Teófanes, “Don Teo”, para sus compañeros y alumnos de la facultad, el P. José, para su buen amigo Julio Valdeón, y para los muchos feligreses que pasan por la iglesia de San Benito, recogía toda esa amalgama de sabiduría, cinismo, tolerancia e ironía que se escondía tras ese porte poco común de “catedrático despistado”. Porte poco común, pues en sus buenos años universitarios, así le recordamos los que le vimos transitar por los pasillos del viejo edificio universitario, parecía un personaje de otro tiempo, y no lo era, o de otro lugar, y es que con aquel aspecto ascético, poco pelo, siempre con su cigarro y levemente encorvado se había consustanciado con Valladolid y sus gentes.
Aquí en Valladolid, donde tiene sus amigos, hizo escuela, sin pretenderlo, entre sus discípulos, y entre la mucha gente de toda condición que buscaba su consejo.
Todos los que hemos pasado por sus clases recordamos que más que enseñar, y lo hacía y bien, una época concreta de la historia, hablaba del amor por la cultura y la tolerancia, del valor de la historia al servicio de los hombres, para ayudar a denunciar y arrumbar apriorismo, prejuicios, intolerancias y supersticiones, y es que para él el historiador “no está para juzgar sino para explicar el pasado”.
Su inolvidable amigo Julio Valdeón recordaba que “Teófanes es un Sabio”. La inteligencia, la sencillez, el sentido del humor y la socarronería, la capacidad de atraer a los que les escuchaban y el ser un “excepcional trasmisor de la sabiduría” es lo que todos destacaban en Teófanes.
Alguien lo definió como “una especie en extinción” y no tanto por su apabullante capacidad intelectual cuanto, por su capacidad de trasmitir el cariño por una historia distinta, profunda, libre de tópicos e intolerancias, una historia global y cercana.
“Un hombre bueno”, generoso, desinteresado y desprendido. Celoso de sus alrededores, de carácter dialogante y “eternamente curioso”. Capaz de vivir sin nada y con todos. Un hombre sencillo, “bien planchado”, aunque la plancha ni la entendía ni sabía usarla, en fin, un hombre sin dobleces.

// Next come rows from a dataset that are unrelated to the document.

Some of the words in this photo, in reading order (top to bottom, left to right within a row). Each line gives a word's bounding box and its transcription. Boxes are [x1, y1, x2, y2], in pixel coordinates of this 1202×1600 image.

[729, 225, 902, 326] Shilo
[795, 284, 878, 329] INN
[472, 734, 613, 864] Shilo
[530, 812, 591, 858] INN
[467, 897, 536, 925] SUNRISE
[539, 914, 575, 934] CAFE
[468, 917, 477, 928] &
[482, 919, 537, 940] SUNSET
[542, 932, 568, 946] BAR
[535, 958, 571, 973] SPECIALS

Se le ha definido como un humanista, uno de los mejores conocedores del siglo XVIII, sobre todo en la historia espiritual. Un “espíritu crítico e independiente, poco dado a seguir el dictado de modas efímeras”. Un “individualista rebelde”. Un “pionero” en muchos campos de la historia, aunque la humildad de la que era portador, y que para él, hijo de la Madre Teresa, era “andar en verdad” le llevaba a no dar importancia a lo que había conseguido, o a lo que los otros decía de él y de su obra, sencillamente se sentía un profesional que hacía lo que en cada momento le correspondía hacer.

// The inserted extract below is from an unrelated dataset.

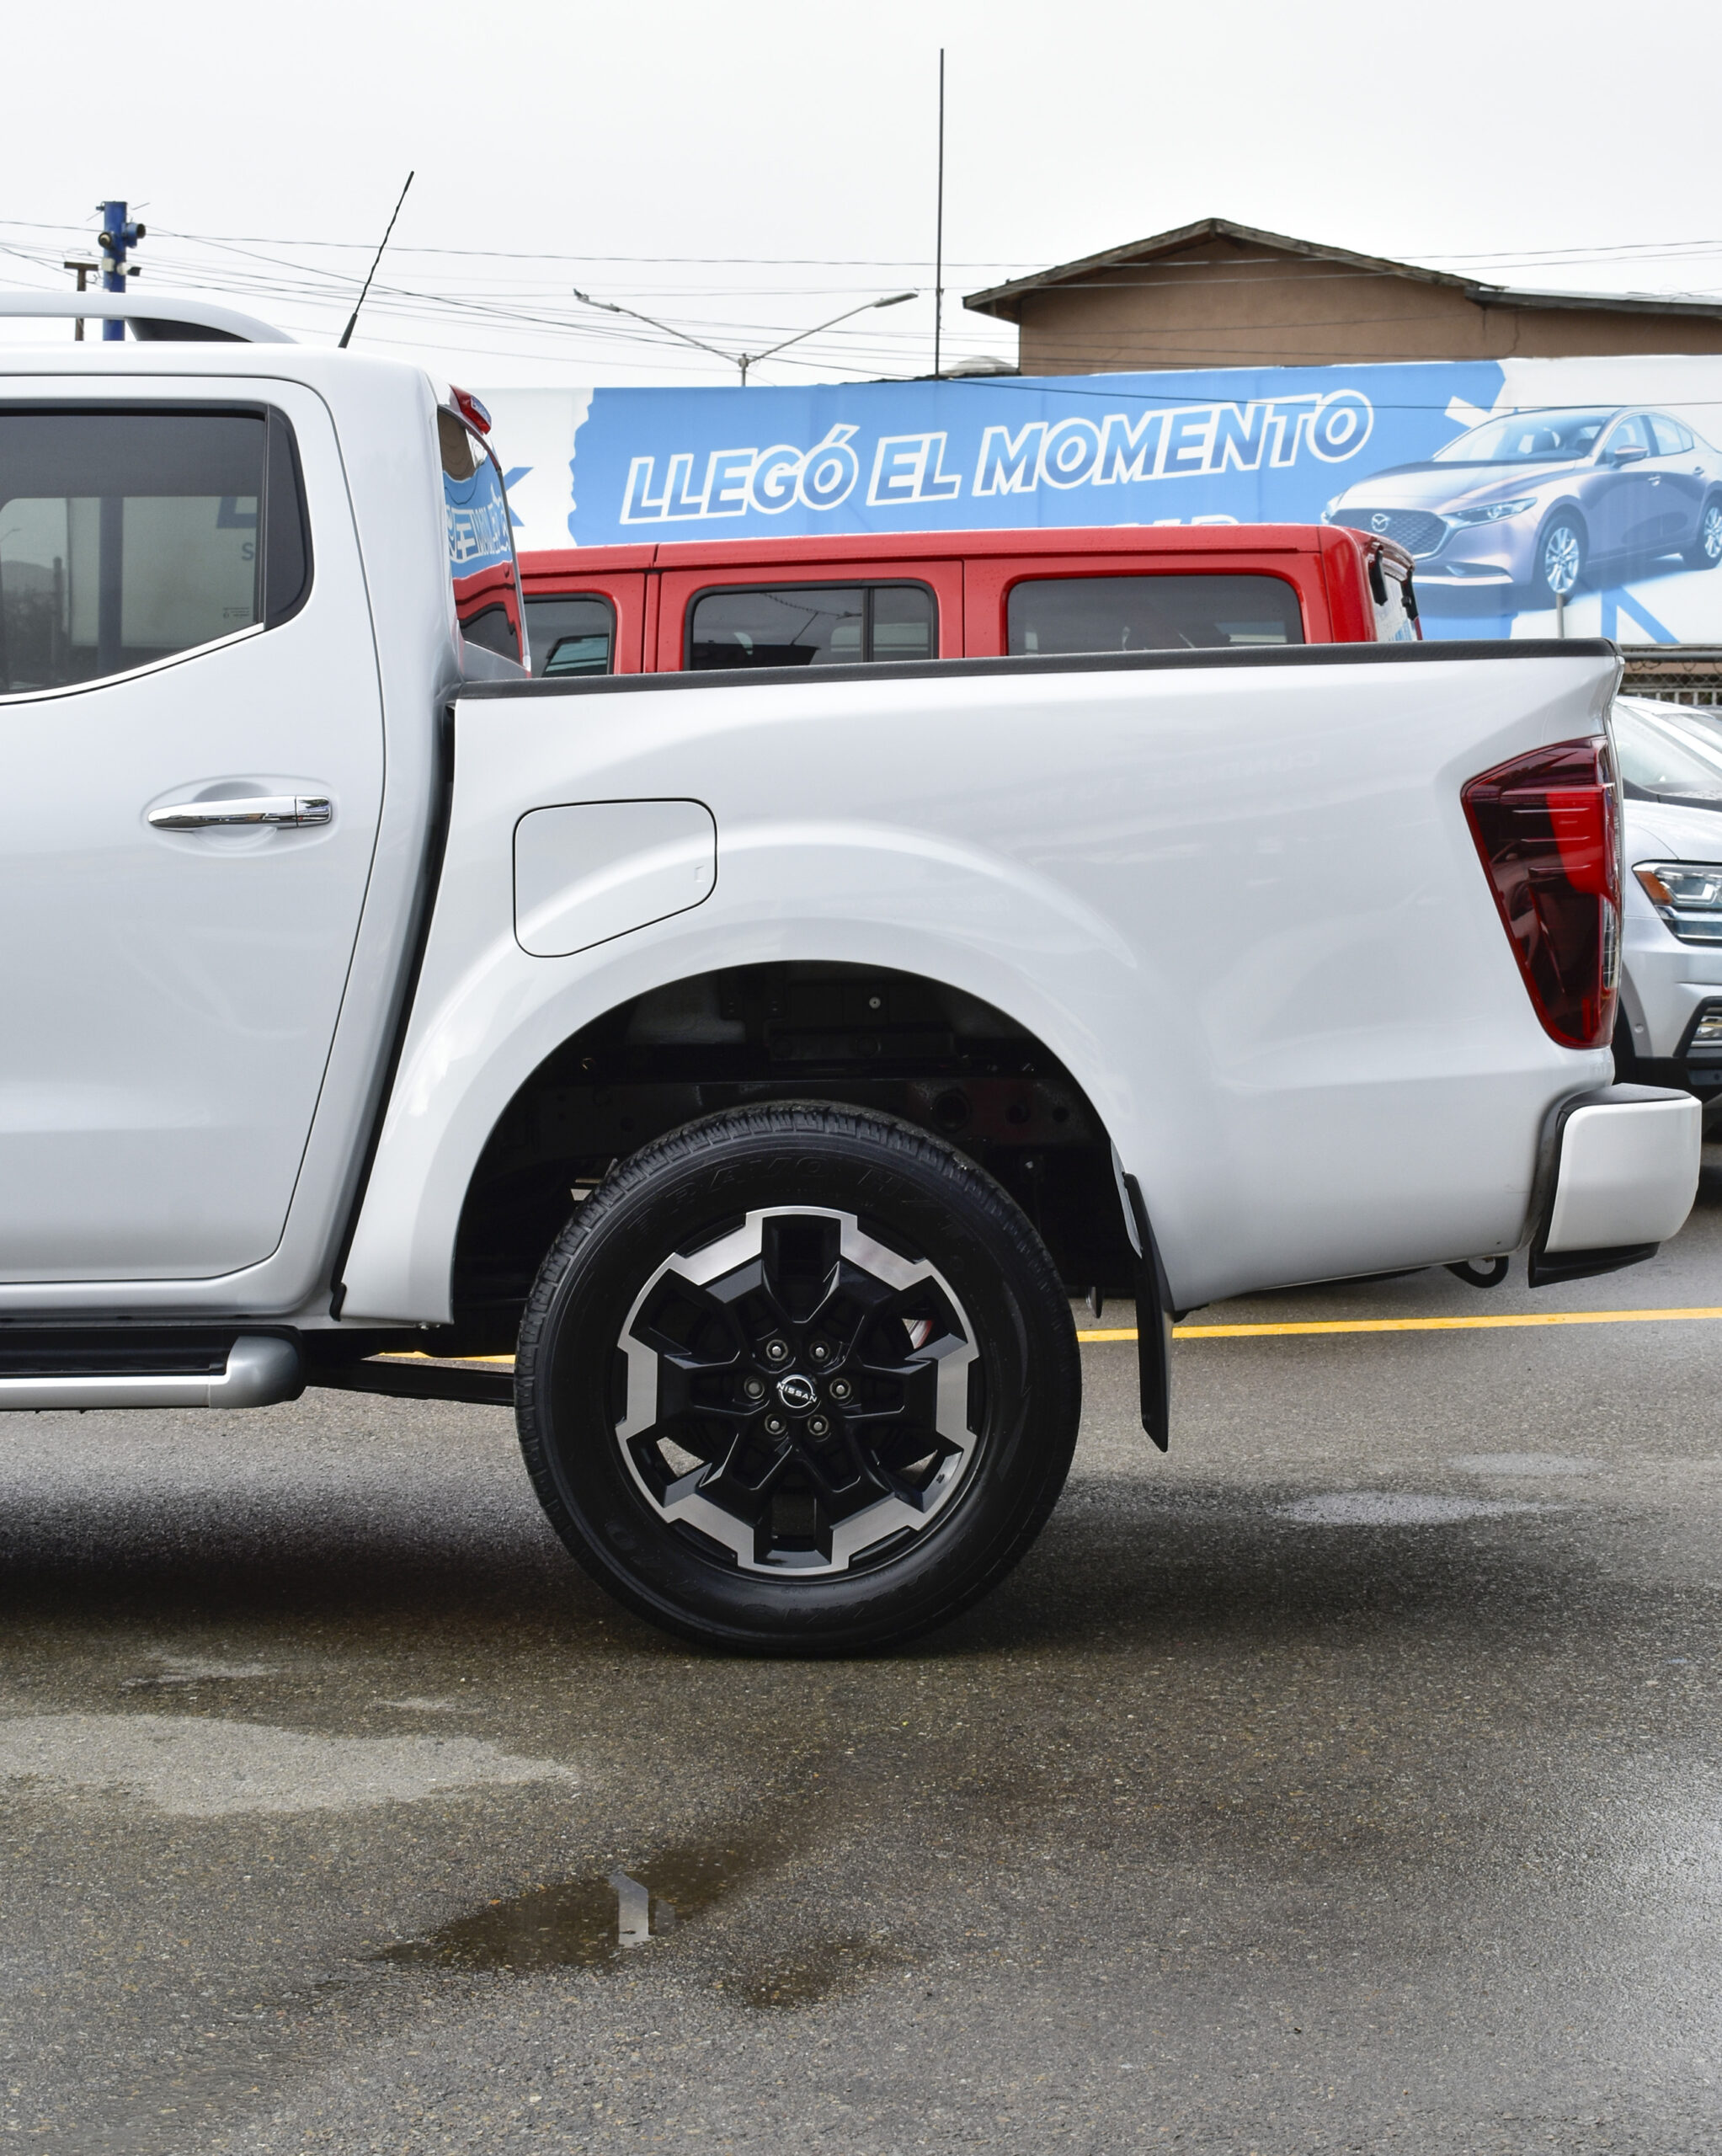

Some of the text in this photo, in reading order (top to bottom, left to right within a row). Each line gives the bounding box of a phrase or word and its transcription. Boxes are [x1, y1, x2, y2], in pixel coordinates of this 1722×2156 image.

[620, 423, 861, 525] LLEGÓ
[866, 431, 962, 506] EL
[972, 388, 1374, 497] MOMENTO
[776, 1381, 817, 1402] NISSAN

Entre las cualidades de Teófanes todos destacan que escribía no sólo bien, sino muy bien. No era un junta palabras más, un hilvanador de textos, sino que tenía una prosa espléndida en su sintaxis, léxico y en la expresión armoniosa y cabal de cuanto explicaba o narraba. Hablaba tan bien o mejor que escribía, al menos hacía atractivo lo que contaba, y a pesar de sus afirmaciones entre irónica y cínicas: “me cuesta, y mucho, la crueldad de volver a mortificarlos con mi palabra”, todos gustaban escucharle y aprender de él que no era un simple erudito, sino un maestro que ponía sabor a lo que enseñaba.

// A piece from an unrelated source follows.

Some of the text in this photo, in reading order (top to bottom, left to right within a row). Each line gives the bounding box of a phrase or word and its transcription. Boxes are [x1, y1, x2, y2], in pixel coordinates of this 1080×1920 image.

Más allá de su familia conventual, pues siempre fue, y así lo quiso, fraile, y ejercía como tal, cuando llegaba después de su trabajo universitario, se vestía el hábito carmelitano y lo mismo rezaba el rosario, que se sentaba en el confesonario o hacia cualquier otro servicio en la iglesia de san Benito.
Se sentía cercano a todos, y muchos, amigos y discípulos, que le sentían como parte de sus vidas, siguen recordando lo que Teófanes, al que no le gustaba dar que hacer o causar molestias innecesarias, hacía por todos; lo generoso que era con todos los que requerían de su servicio en cualquiera de las facetas de la vida.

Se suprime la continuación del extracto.